Input records.
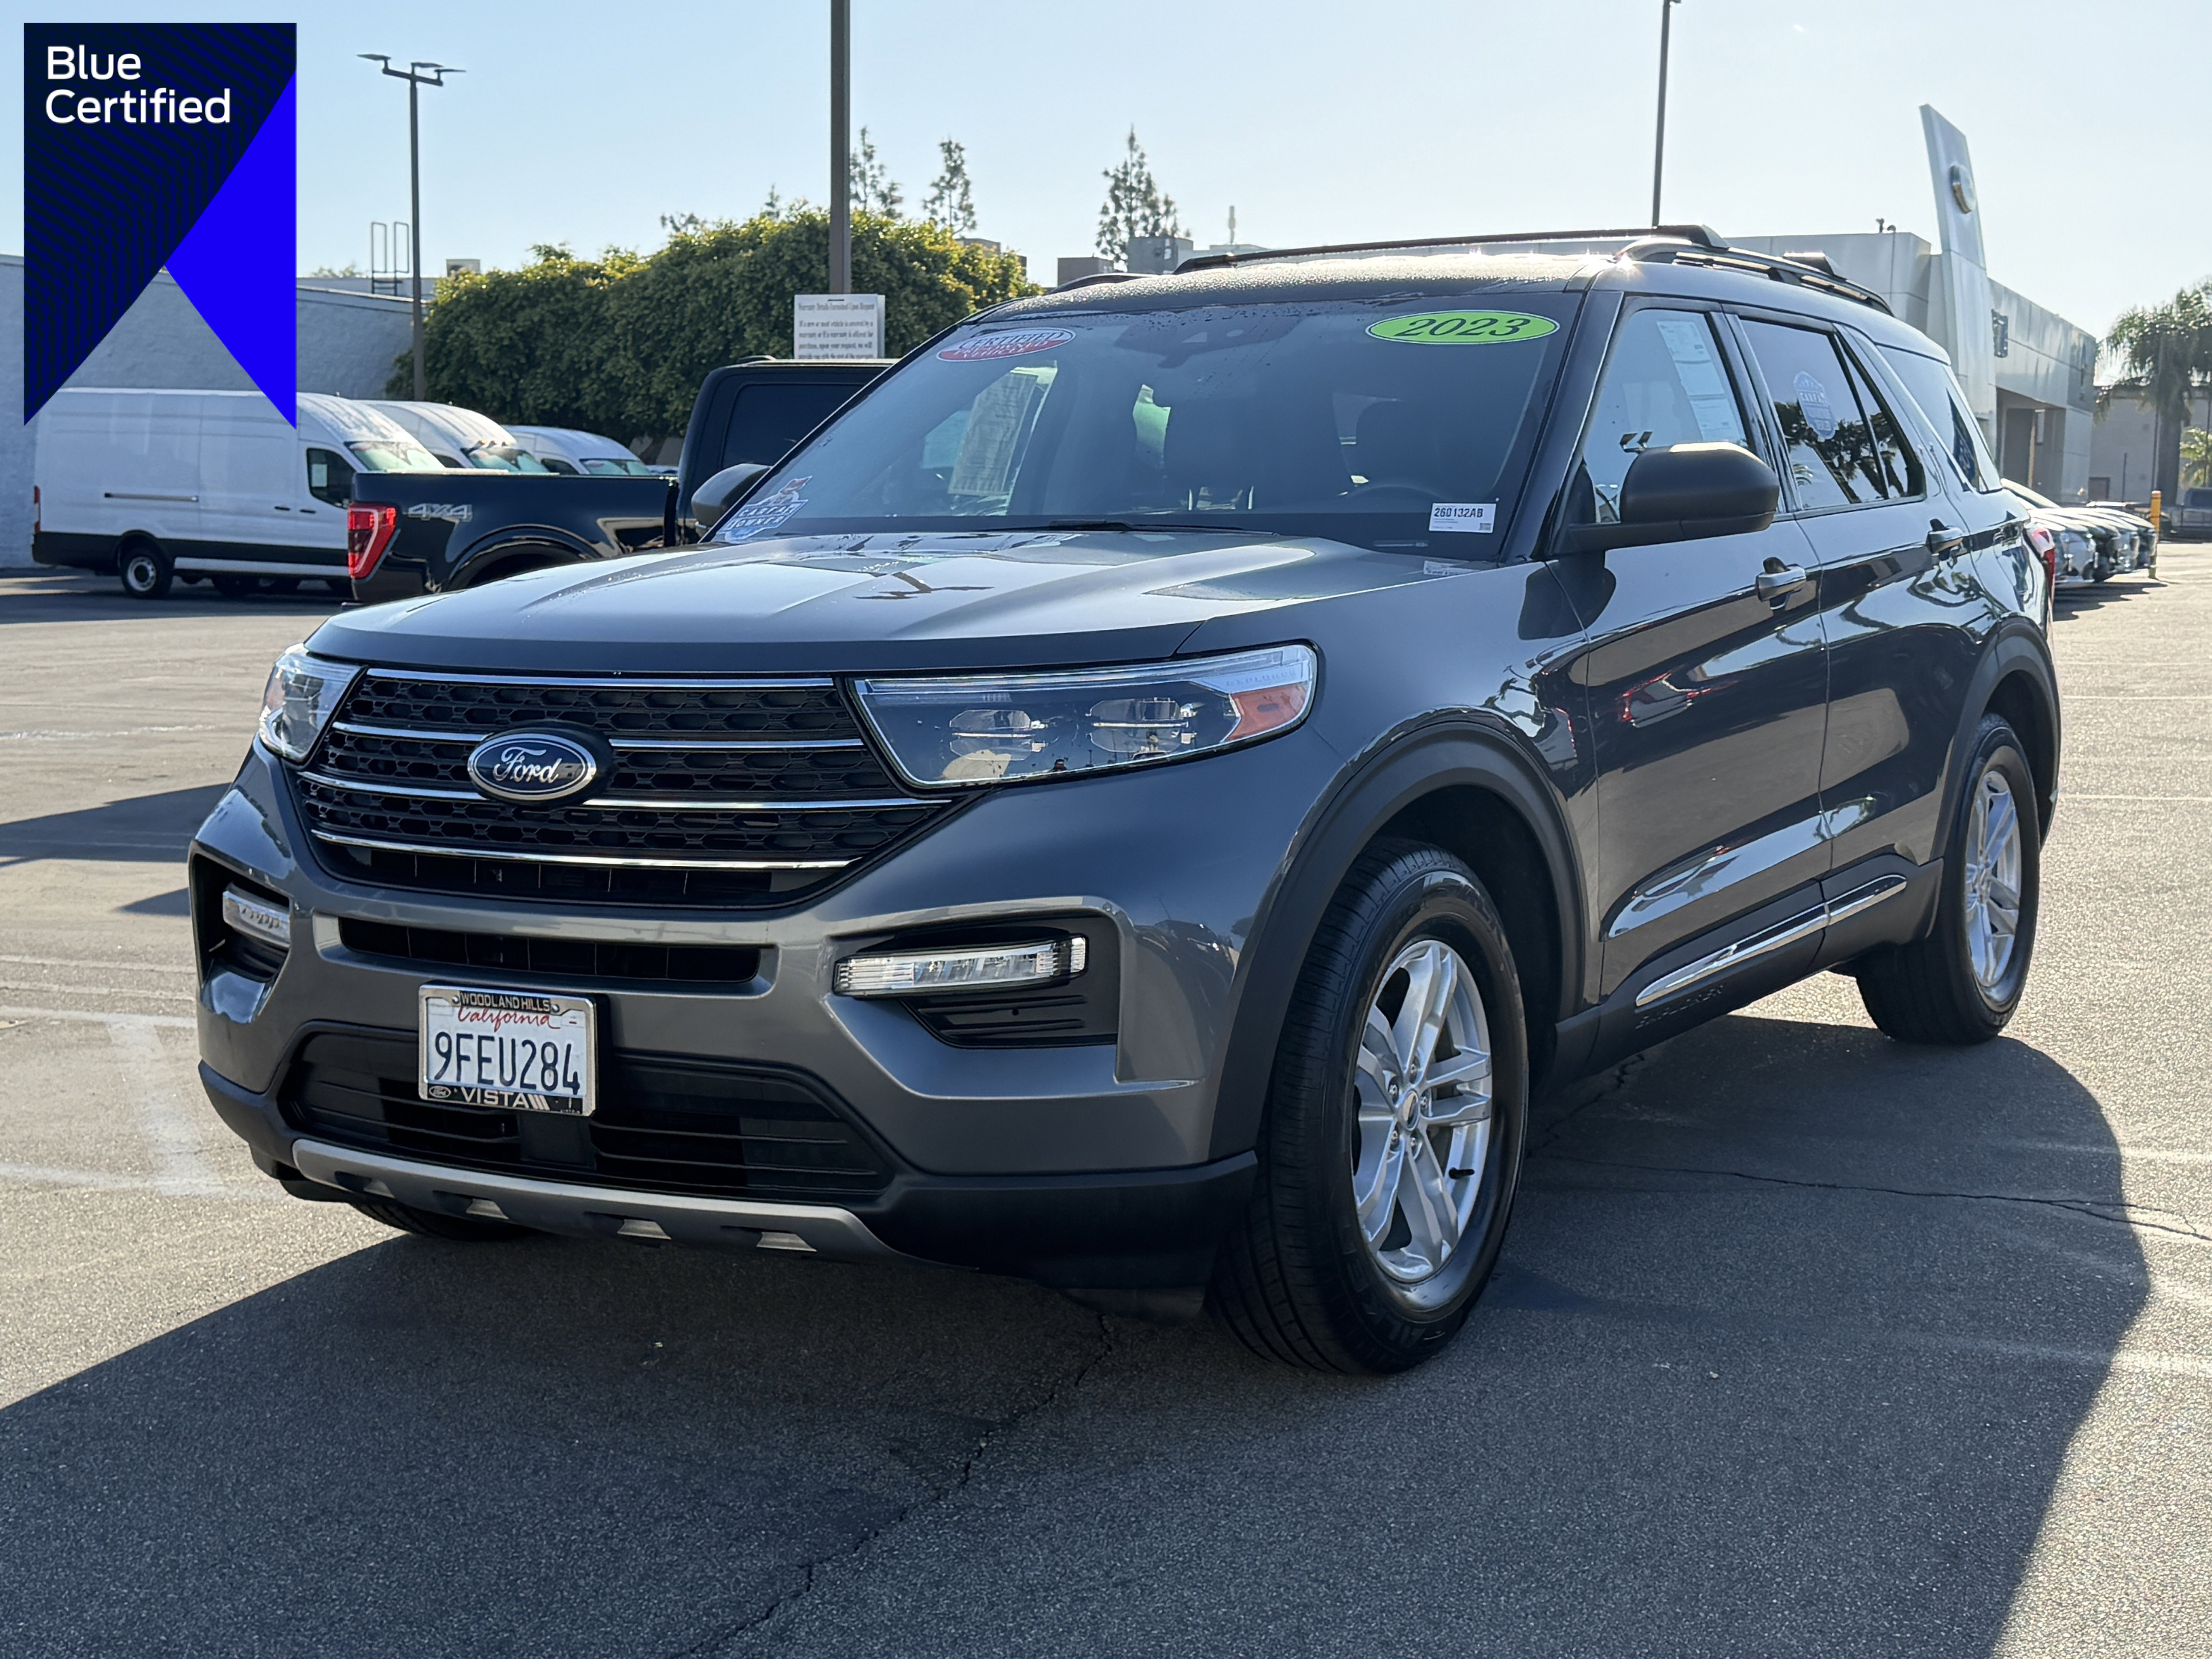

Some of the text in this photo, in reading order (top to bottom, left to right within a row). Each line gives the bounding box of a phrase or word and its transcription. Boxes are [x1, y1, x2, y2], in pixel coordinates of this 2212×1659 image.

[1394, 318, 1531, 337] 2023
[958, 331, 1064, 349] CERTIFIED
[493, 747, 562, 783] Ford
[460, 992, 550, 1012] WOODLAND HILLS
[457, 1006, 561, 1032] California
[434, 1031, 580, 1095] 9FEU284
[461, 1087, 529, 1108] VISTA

Exercise directions. A verbatim copy of the listing, with all pictures removed, is required.

Solution to the exercise.
Some of the text in this photo, in reading order (top to bottom, left to right within a row). Each line gives the bounding box of a phrase or word and its transcription. Boxes are [x1, y1, x2, y2], in pixel coordinates of this 2212×1659 image.

[1394, 318, 1531, 337] 2023
[958, 331, 1064, 349] CERTIFIED
[493, 747, 562, 783] Ford
[460, 992, 550, 1012] WOODLAND HILLS
[457, 1006, 561, 1032] California
[434, 1031, 580, 1095] 9FEU284
[461, 1087, 529, 1108] VISTA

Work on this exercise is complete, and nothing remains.